Recalling Girard’s theory of mimetic desire, this leads me to wonder, what is the desire behind the scapegoat of the woman’s body? What do evangelicals want that others have? Is it power? Is it fame? Is it women themselves?

Or, do they fear what an end to their scapegoat mechanism would do? When the woman, or scapegoat, speaks, it causes unrest. It causes a dismantling. Look what it did to former Southern Baptist seminary president Paige Patterson, one of the most prominent religious leaders of the late 20th century. Is the pro-life movement just a convenient, moral excuse to keep the woman as scapegoat, and, therefore, maintain order?

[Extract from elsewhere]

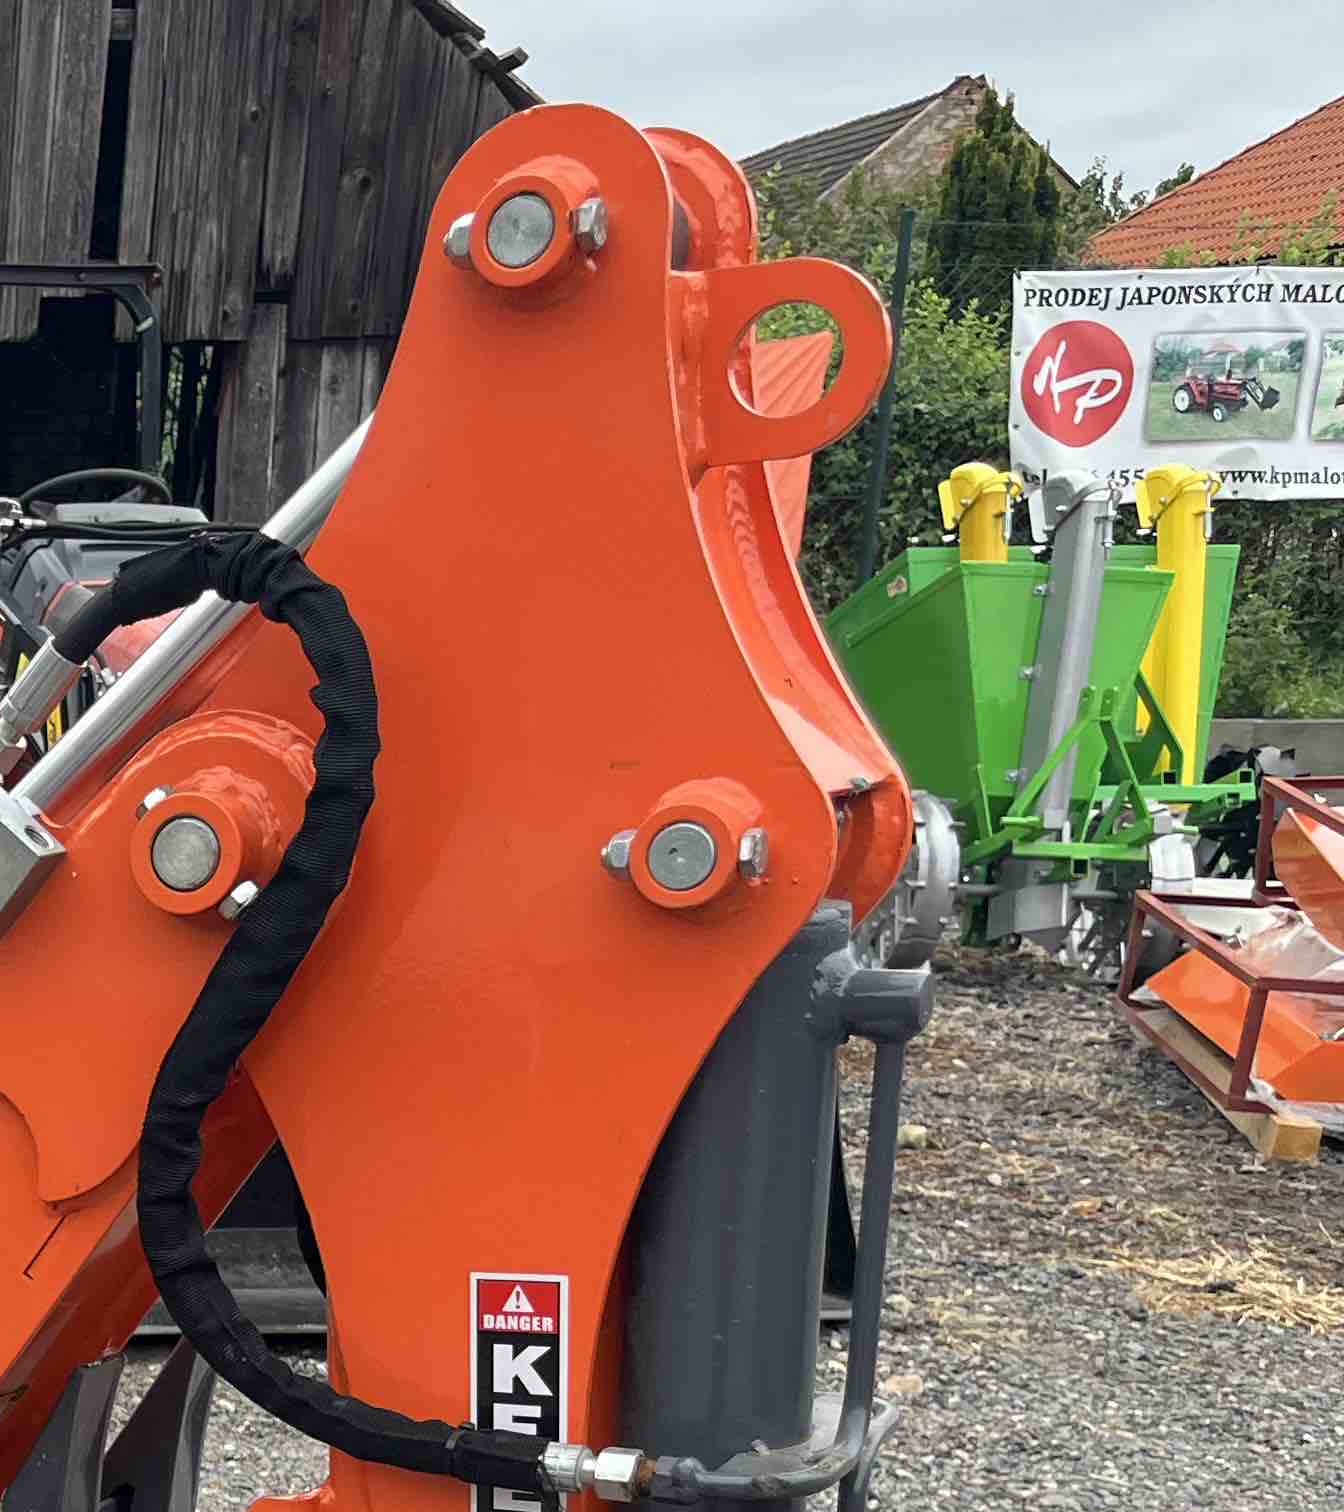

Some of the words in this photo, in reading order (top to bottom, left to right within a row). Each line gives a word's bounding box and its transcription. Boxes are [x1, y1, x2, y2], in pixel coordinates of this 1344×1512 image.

Whatever it is, the pull to isolate a presidential vote to one issue is strong enough to blind many evangelicals to what Jesus would care about today: the poor (He was.), the immigrant (He was one.), the marginalized (He was.), the person of color (He was one.). It seems the primary rock some evangelicals are standing on is one in which the woman’s body is scapegoat, in which she is sacrificed.
President of the Evangelical States of America, Pig Man


And this isn't just about people in some backward part of Alabama or Oklahoma. How about Long Island? Nancy Goroff is running for a Suffolk County congressional seat held by anti-Choice fanatic Lee Zeldin. Yesterday, Goroff told her supporters that "Trump has instituted a 'gag rule' that prevents doctors from giving full medical advice to their patients. It has forced Planned Parenthood out of Title X, putting at risk wellness exams, STD and HIV screenings, birth control, and contraceptive education that millions of people count on. As a scientist, I believe medical decisions need to be made with the best information possible, and I don’t believe the government should stand between a patient and their doctor. Anti-choice politicians, like my opponent Lee Zeldin, are part of the problem and need to be replaced. Zeldin has voted to defund Planned Parenthood, to allow for 'personhood' legislation and to repeal the Affordable Care Act-- stripping health insurance from tens of millions of Americans. Overall, he’s voted against Planned Parenthood 30 times THIS YEAR-- and not once in favor of the women who need their help. When it comes to women's healthcare, Zeldin chooses policies that ignore the facts and data. As a scientist and a mom... I will work to debunk the lies about Planned Parenthood and fight to restore critical funding for it."